YOUR GOAL: Retype exactly the lines from the one that contains "this 2212×1659 image." through the final line of the material below, and add nothing else.

DATASET CONTENT:
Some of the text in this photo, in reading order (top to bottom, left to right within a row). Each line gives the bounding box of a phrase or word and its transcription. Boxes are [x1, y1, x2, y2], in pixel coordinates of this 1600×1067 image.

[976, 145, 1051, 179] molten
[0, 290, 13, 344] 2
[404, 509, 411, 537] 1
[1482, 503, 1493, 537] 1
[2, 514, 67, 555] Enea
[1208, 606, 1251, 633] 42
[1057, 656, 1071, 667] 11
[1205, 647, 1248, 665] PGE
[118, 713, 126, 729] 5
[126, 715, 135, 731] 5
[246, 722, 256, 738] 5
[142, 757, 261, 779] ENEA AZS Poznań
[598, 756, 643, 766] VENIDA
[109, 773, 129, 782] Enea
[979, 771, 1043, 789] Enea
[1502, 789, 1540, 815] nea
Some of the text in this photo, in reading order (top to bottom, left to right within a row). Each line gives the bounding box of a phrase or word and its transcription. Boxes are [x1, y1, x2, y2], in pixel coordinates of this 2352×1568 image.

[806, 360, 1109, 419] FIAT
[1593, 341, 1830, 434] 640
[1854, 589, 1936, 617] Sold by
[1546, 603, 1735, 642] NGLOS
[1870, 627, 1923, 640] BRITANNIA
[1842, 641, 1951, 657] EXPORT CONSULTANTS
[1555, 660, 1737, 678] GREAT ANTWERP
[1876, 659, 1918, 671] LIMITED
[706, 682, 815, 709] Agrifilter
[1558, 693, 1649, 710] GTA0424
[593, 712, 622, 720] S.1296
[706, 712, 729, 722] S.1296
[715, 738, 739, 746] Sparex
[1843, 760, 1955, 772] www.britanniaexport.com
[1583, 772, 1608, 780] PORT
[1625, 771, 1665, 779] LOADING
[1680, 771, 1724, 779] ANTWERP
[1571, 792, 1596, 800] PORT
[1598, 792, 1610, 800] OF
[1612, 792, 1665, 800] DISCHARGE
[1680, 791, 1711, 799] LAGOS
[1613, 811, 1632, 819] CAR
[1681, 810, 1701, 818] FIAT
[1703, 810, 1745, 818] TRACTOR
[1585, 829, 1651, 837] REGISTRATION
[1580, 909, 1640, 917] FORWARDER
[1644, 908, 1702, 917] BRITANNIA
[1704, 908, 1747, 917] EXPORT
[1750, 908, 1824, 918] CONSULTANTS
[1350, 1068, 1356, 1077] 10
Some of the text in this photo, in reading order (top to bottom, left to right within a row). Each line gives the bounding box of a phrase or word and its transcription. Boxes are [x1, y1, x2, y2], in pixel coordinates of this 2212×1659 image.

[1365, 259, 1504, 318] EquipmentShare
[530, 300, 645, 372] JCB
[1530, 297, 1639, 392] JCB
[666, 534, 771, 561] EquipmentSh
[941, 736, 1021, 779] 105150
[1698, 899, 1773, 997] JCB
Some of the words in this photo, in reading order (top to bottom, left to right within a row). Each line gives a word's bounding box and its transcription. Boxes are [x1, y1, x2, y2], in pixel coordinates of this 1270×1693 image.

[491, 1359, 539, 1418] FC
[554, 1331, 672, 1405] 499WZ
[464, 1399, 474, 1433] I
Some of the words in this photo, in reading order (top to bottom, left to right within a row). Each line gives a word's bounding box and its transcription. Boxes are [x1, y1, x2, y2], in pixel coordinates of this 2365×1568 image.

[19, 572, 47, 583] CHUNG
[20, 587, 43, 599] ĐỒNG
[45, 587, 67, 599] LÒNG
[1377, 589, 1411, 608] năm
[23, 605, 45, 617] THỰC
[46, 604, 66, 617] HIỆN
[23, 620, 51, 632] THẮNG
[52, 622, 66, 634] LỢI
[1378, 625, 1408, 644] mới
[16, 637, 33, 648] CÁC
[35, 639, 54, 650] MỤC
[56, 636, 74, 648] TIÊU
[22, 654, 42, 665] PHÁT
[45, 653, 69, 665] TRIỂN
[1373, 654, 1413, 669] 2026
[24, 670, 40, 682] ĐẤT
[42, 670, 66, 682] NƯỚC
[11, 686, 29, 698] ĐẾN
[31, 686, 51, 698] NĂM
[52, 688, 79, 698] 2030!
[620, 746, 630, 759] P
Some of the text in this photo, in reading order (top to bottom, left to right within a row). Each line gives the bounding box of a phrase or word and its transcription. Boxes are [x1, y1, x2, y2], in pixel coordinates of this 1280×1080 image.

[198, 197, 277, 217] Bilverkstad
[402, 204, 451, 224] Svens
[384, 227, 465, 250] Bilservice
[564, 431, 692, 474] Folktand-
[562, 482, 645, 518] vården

YOUR SOLUTION:
Some of the text in this photo, in reading order (top to bottom, left to right within a row). Each line gives the bounding box of a phrase or word and its transcription. Boxes are [x1, y1, x2, y2], in pixel coordinates of this 2212×1659 image.

[1365, 259, 1504, 318] EquipmentShare
[530, 300, 645, 372] JCB
[1530, 297, 1639, 392] JCB
[666, 534, 771, 561] EquipmentSh
[941, 736, 1021, 779] 105150
[1698, 899, 1773, 997] JCB
Some of the words in this photo, in reading order (top to bottom, left to right within a row). Each line gives a word's bounding box and its transcription. Boxes are [x1, y1, x2, y2], in pixel coordinates of this 1270×1693 image.

[491, 1359, 539, 1418] FC
[554, 1331, 672, 1405] 499WZ
[464, 1399, 474, 1433] I
Some of the words in this photo, in reading order (top to bottom, left to right within a row). Each line gives a word's bounding box and its transcription. Boxes are [x1, y1, x2, y2], in pixel coordinates of this 2365×1568 image.

[19, 572, 47, 583] CHUNG
[20, 587, 43, 599] ĐỒNG
[45, 587, 67, 599] LÒNG
[1377, 589, 1411, 608] năm
[23, 605, 45, 617] THỰC
[46, 604, 66, 617] HIỆN
[23, 620, 51, 632] THẮNG
[52, 622, 66, 634] LỢI
[1378, 625, 1408, 644] mới
[16, 637, 33, 648] CÁC
[35, 639, 54, 650] MỤC
[56, 636, 74, 648] TIÊU
[22, 654, 42, 665] PHÁT
[45, 653, 69, 665] TRIỂN
[1373, 654, 1413, 669] 2026
[24, 670, 40, 682] ĐẤT
[42, 670, 66, 682] NƯỚC
[11, 686, 29, 698] ĐẾN
[31, 686, 51, 698] NĂM
[52, 688, 79, 698] 2030!
[620, 746, 630, 759] P
Some of the text in this photo, in reading order (top to bottom, left to right within a row). Each line gives the bounding box of a phrase or word and its transcription. Boxes are [x1, y1, x2, y2], in pixel coordinates of this 1280×1080 image.

[198, 197, 277, 217] Bilverkstad
[402, 204, 451, 224] Svens
[384, 227, 465, 250] Bilservice
[564, 431, 692, 474] Folktand-
[562, 482, 645, 518] vården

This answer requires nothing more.